The Municipality of Trent Hills Council and the Naming Partners of the Sunny Life Recreation and Wellness Centre gathered last week at the gate of the construction site to announce the naming partners.
The Municipality of Trent Hills Council and the Naming Partners of the Sunny Life Recreation and Wellness Centre gathered last week at the gate of the construction site to announce the naming partners.

Sunny Life Recreation and Wellness Centre sponsors named

CAMPBELLFORD — Members of the Municipality of Trent Hills and naming partners gathered at the entrance to the new Sunny Life Recreation and Wellness Centre on Seymour Quarry Rd, Campbellford, to announce the sponsors who have come forward to help make the Centre a better place. To date over $1.3 million has been raised through the generous support of these businesses.

The new 64,000 square foot multi-use recreation facility features an ice pad, aquatic centre, fitness centre and a variety of health and wellness programming to be delivered by YMCA Northumberland.

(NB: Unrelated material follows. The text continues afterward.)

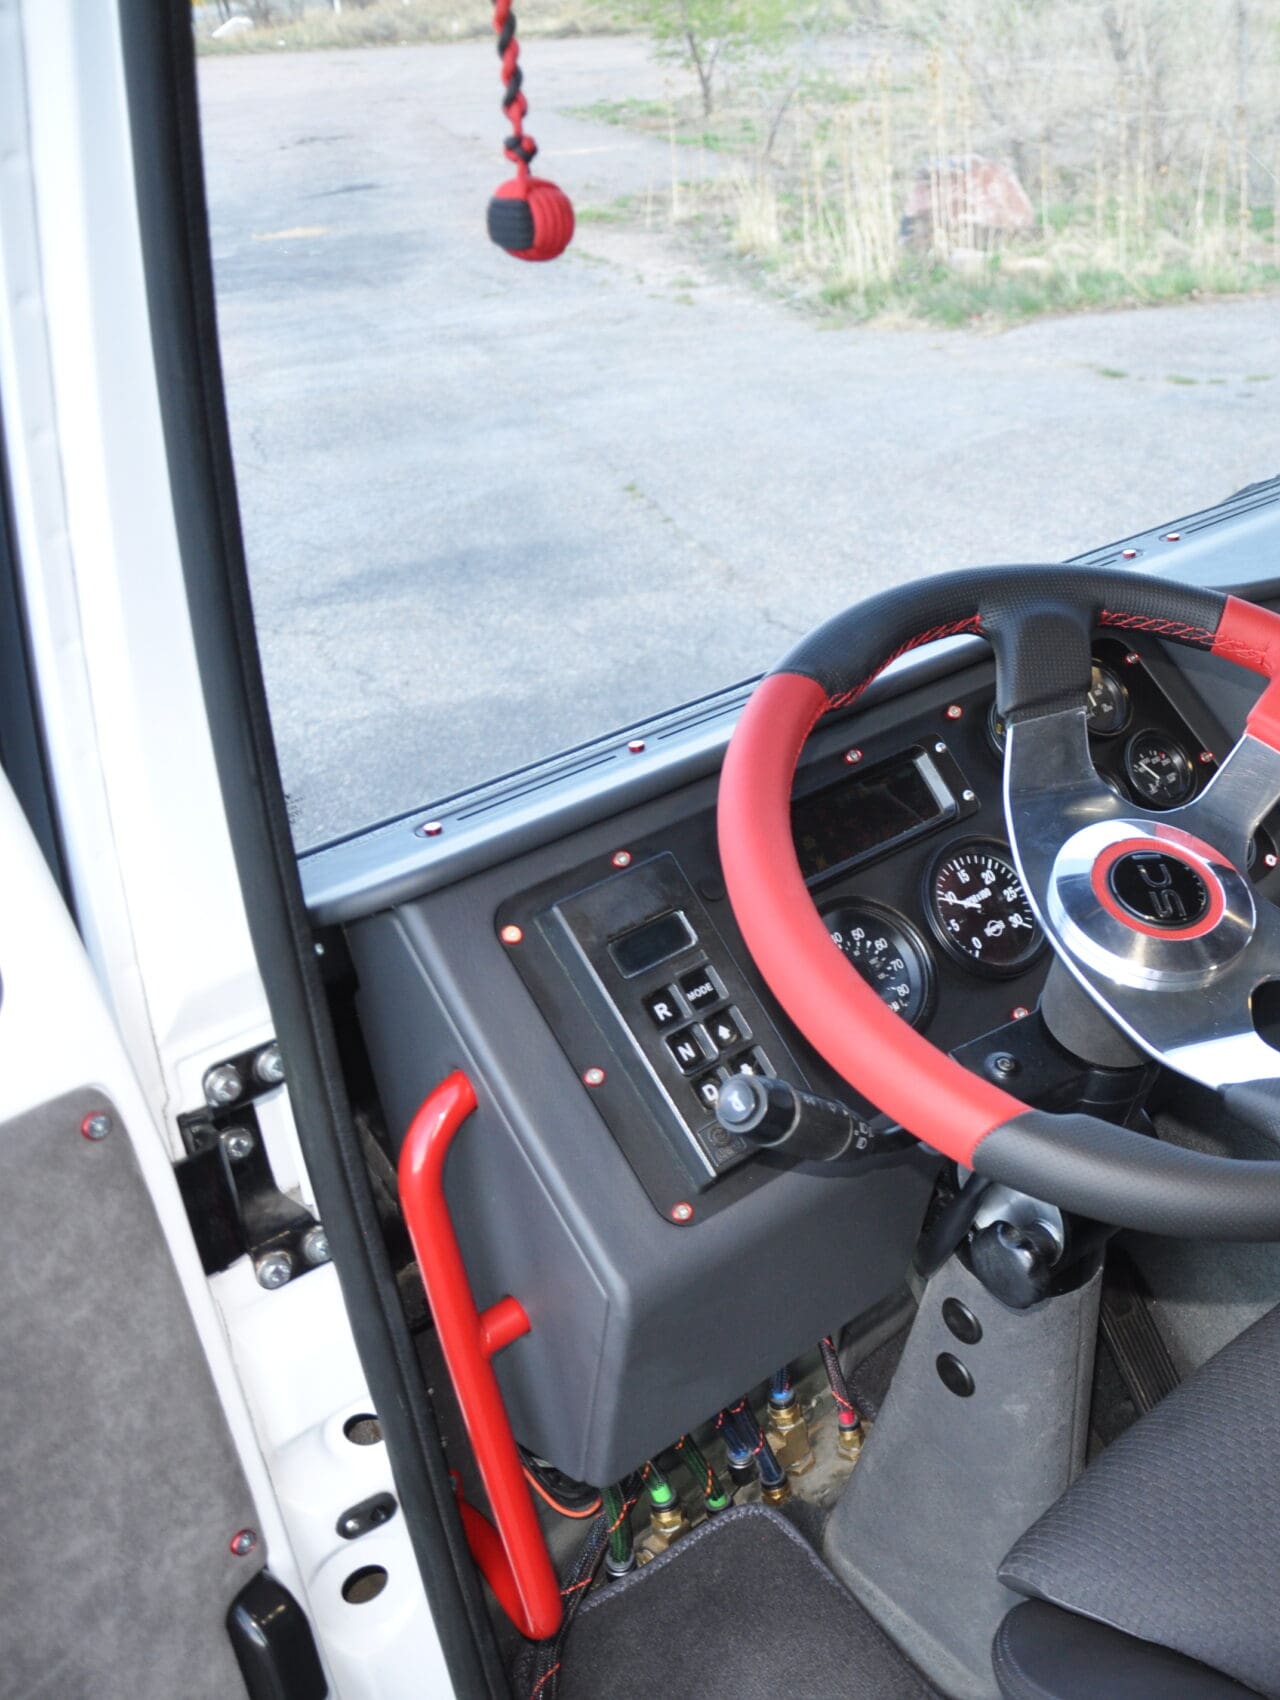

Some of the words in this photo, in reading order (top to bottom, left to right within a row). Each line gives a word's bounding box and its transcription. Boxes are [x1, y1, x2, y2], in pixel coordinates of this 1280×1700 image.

The following sponsors were named at the gathering:

Sunny Life Property Corp. – Overall Naming Rights Partner

Behan Construction Ltd. – Aquatics Centre Naming Rights Sponsor

Campbellford Wholesale – Arena Naming Rights Sponsor

MacLaren IDA Pharmacy – Conditioning Centre/Gym Naming Rights Sponsor

Min-Tech Inc. – Multi-Purpose Room Naming Rights Sponsor

Canadian Tire – Ice Resurfacer Naming Rights Sponsor

Rudra Group (SUBWAY and Chicken Kingdom) – Score Clock Naming Rights Sponsor

D&K Home Services by Enercare – Water Filling Stations Naming Rights Sponsor

Bennett’s Furniture and Mattresses – Arena Viewing Area Naming Rights Sponsor

Ashley Tinney-Fischer Professional Corporation – Aquatics Centre Viewing Area Naming Rights Sponsor

Empire Cheese Co-operative – Home Penalty Box Naming Rights Sponsor

Village Paint & Paper – Home Player’s Bench Naming Rights Sponsor

Dooher’s Bakery – Visitor Penalty Box Naming Rights Sponsor

“We are so appreciative of our sponsors. I continue to be amazed by our businesses and their capacity for community building. Through their financial support of this recreation and wellness project, they are positively contributing to the future of Trent Hills and the health of our community,” said Mayor Bob Crate.

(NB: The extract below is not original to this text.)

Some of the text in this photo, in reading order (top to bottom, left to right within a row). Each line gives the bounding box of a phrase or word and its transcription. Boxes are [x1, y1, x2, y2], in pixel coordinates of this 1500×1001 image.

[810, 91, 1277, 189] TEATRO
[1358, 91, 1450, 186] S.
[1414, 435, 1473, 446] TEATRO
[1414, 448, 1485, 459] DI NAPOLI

Ashley Tinney-Fisher said, “I wanted to help with this project because of the good it will do for Trent Hills. Keeping our community active will keep our community healthy. I also have children who will benefit from having this facility so close to home.”

Adrienne Towns had similar views. “I have young colts (the name of the hockey teams in Campbellford) and they are looking forward to skating on this ice pad. It is also a wonderful addition to the services that the community can offer to residents and hopefully it will help to attract more businesses and people to the area.”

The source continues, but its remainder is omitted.